I have been thinking a lot recently about smiley face inflation. What will happen when it reaches a panicked peak? Will there be long lines before work to buy attention and happiness? Hoarding? The shoe leather cost of new parentheses and semi-colon keys?

Sometimes these days the absence of emoticons has more meaning than their presence. Plain text can have an air of seriousness or impersonality without them, no matter what's being said, or how. With so very much text being flung back and forth--so many words--the stakes continue to be ratcheted up fast. What will happen when we expect smileys in everything but legal documents? (Can you imagine the blizzard of smilies a divorce decree--for example--would require if people's real "feelings" were expressed in them that way?) How much umbrage and misunderstanding? Confusion? Extra extra extra long messages? Will written sarcasm and irony fade out, frustrated at being taken at face value without the soundtrack of smiley faces to point us toward our proper reactions to it?
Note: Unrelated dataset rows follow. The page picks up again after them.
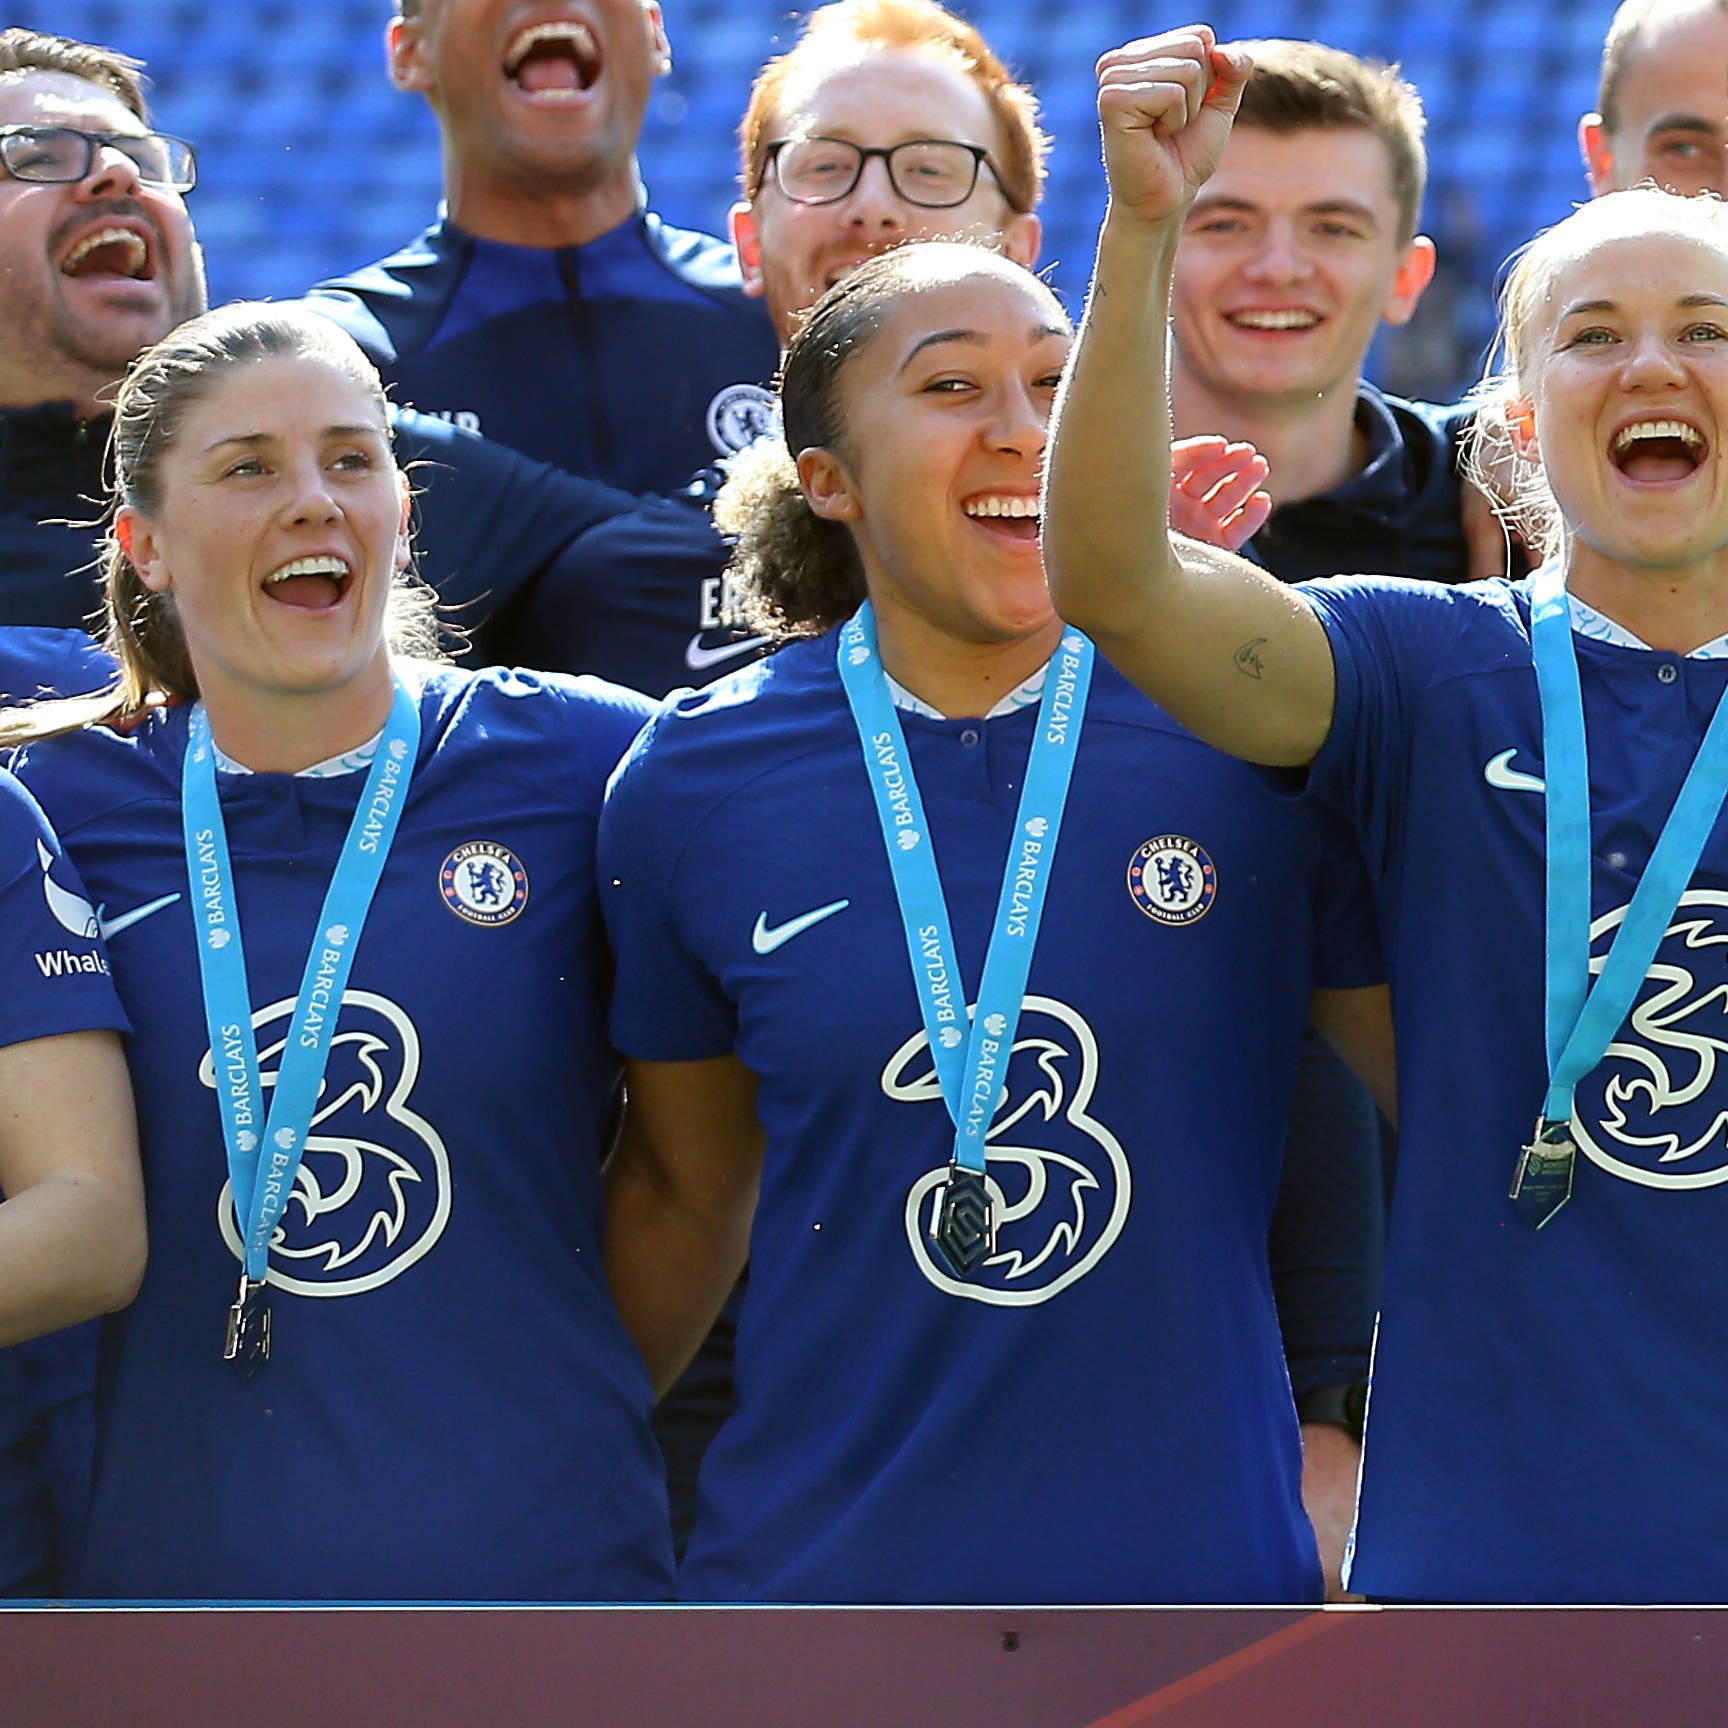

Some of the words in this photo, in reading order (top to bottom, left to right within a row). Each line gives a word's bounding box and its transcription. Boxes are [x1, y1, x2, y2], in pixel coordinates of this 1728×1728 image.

[1047, 654, 1081, 745] BARCLAYS
[359, 759, 403, 854] BARCLAYS
[873, 732, 915, 826] BARCLAYS
[196, 828, 226, 924] BARCLAYS
[453, 844, 512, 864] CHELSEA
[1007, 841, 1042, 937] BARCLAYS
[1141, 838, 1199, 857] CHELSEA
[300, 948, 342, 1049] BARCLAYS
[919, 925, 958, 1023] BARCLAYS
[222, 1023, 254, 1125] BARCLAYS
[966, 1039, 1000, 1137] BARCLAYS
I once idly asked a friend who uses smiley faces a lot what it "meant" in her case--what she generally intended with them (I don't mean in individual cases, which I tend to overanalyze, but as a general gesture). It turns out I was entirely wrong in how I had guessed them, despite knowing this friend pretty well. Despite knowing this friend in strong part through written communication. I could see it--I could see all the acres of textual communication between us and how the smileys had varyingly colored communication depending on a thousand different things, as a kind of vague congenial buttressing, but that how they were sent was not necessarily how they were received. Which is no different from words--you can't control how they get read--but emoticons are a different kind of communication lubricant. They sort of ease the transmission of words from one person to another, diffuse conflict.
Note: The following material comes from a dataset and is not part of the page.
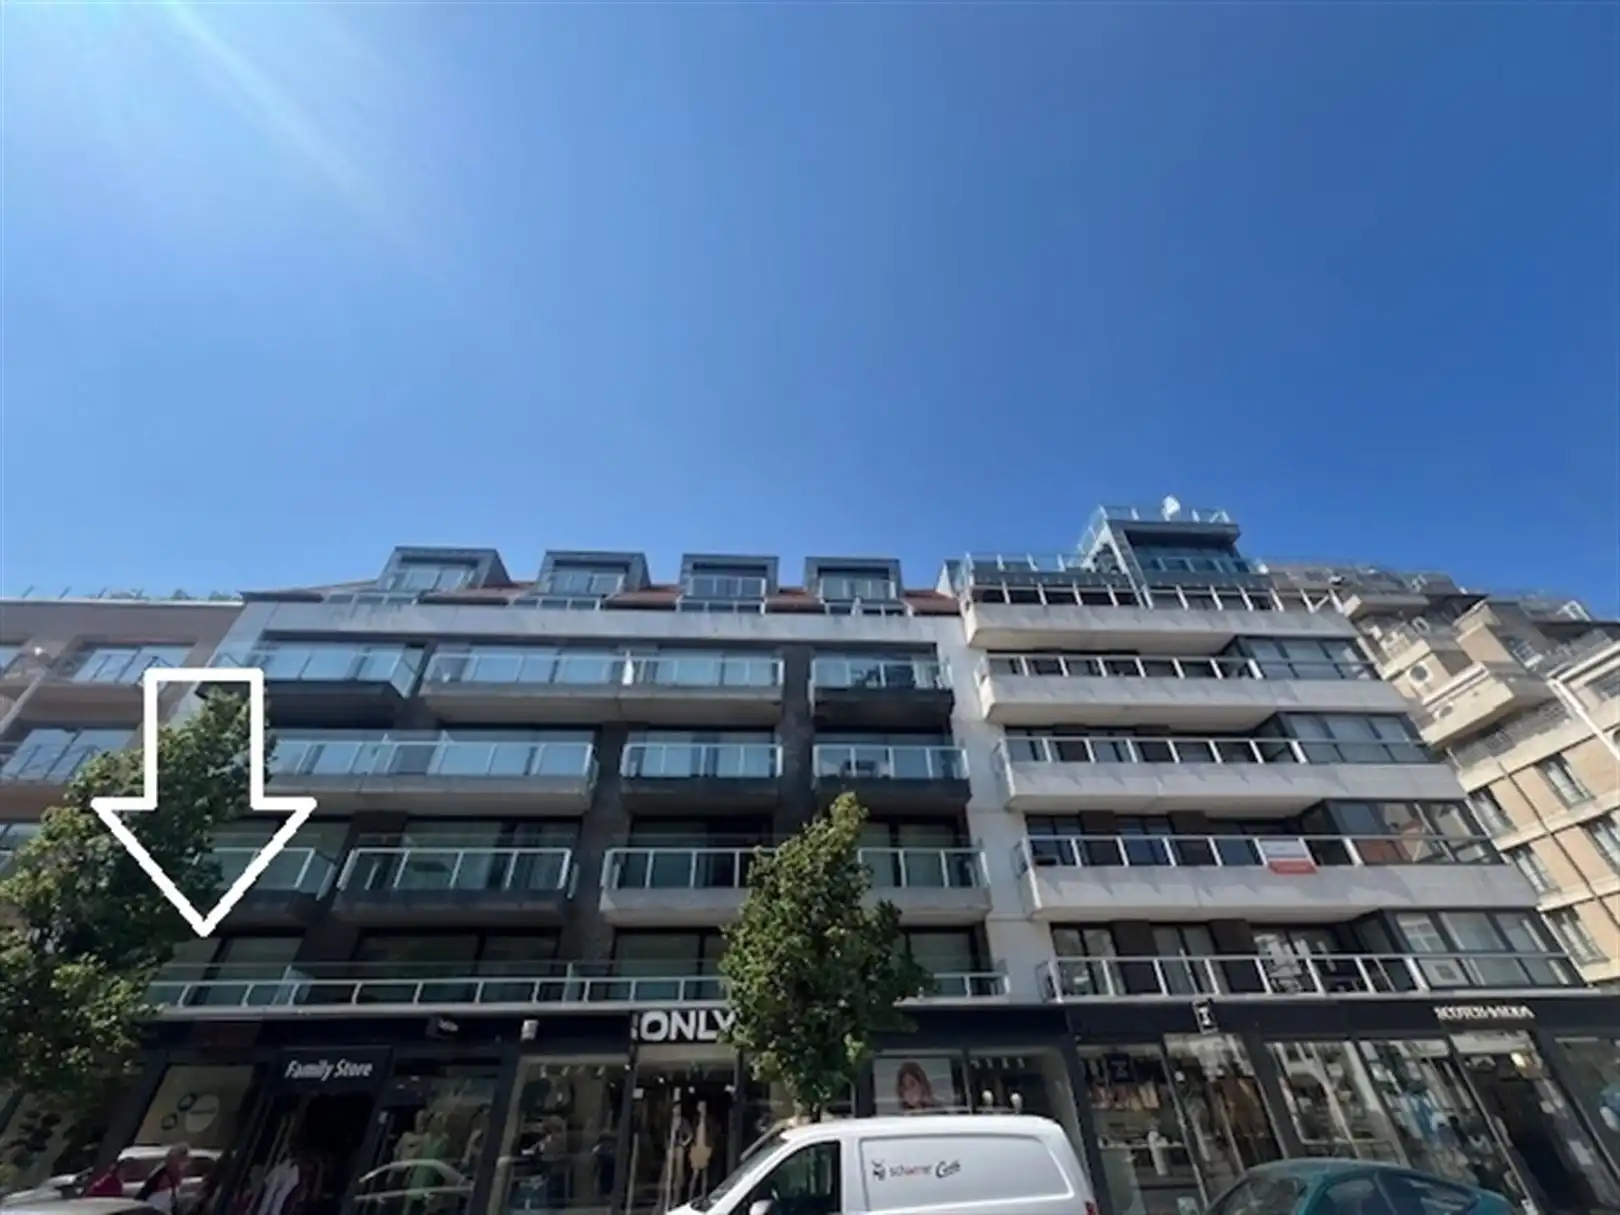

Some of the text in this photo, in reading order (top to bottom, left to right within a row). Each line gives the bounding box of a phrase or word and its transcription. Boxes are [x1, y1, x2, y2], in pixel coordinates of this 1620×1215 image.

[641, 1010, 736, 1041] ONLY
[284, 1059, 373, 1081] Family Store
But words aren't easy things. They're words. I was recently reading a stream of my Facebook posts and noted how the smiley faces in them read afterward: they read like nothing. They looked gratuitous. They didn't even particularly impart an air of amiability. They were just filler. They reminded me of bad performances in good movies that don't seem so bad first time around, because you're just trying to understand what's going on--later you realize just how bad they were. Words are still much more powerful creatures than emoticons once any immediacy in communication is over.

But when the immediacy is there and with smiley inflation ever-growing... I don't know! Stock up, I guess.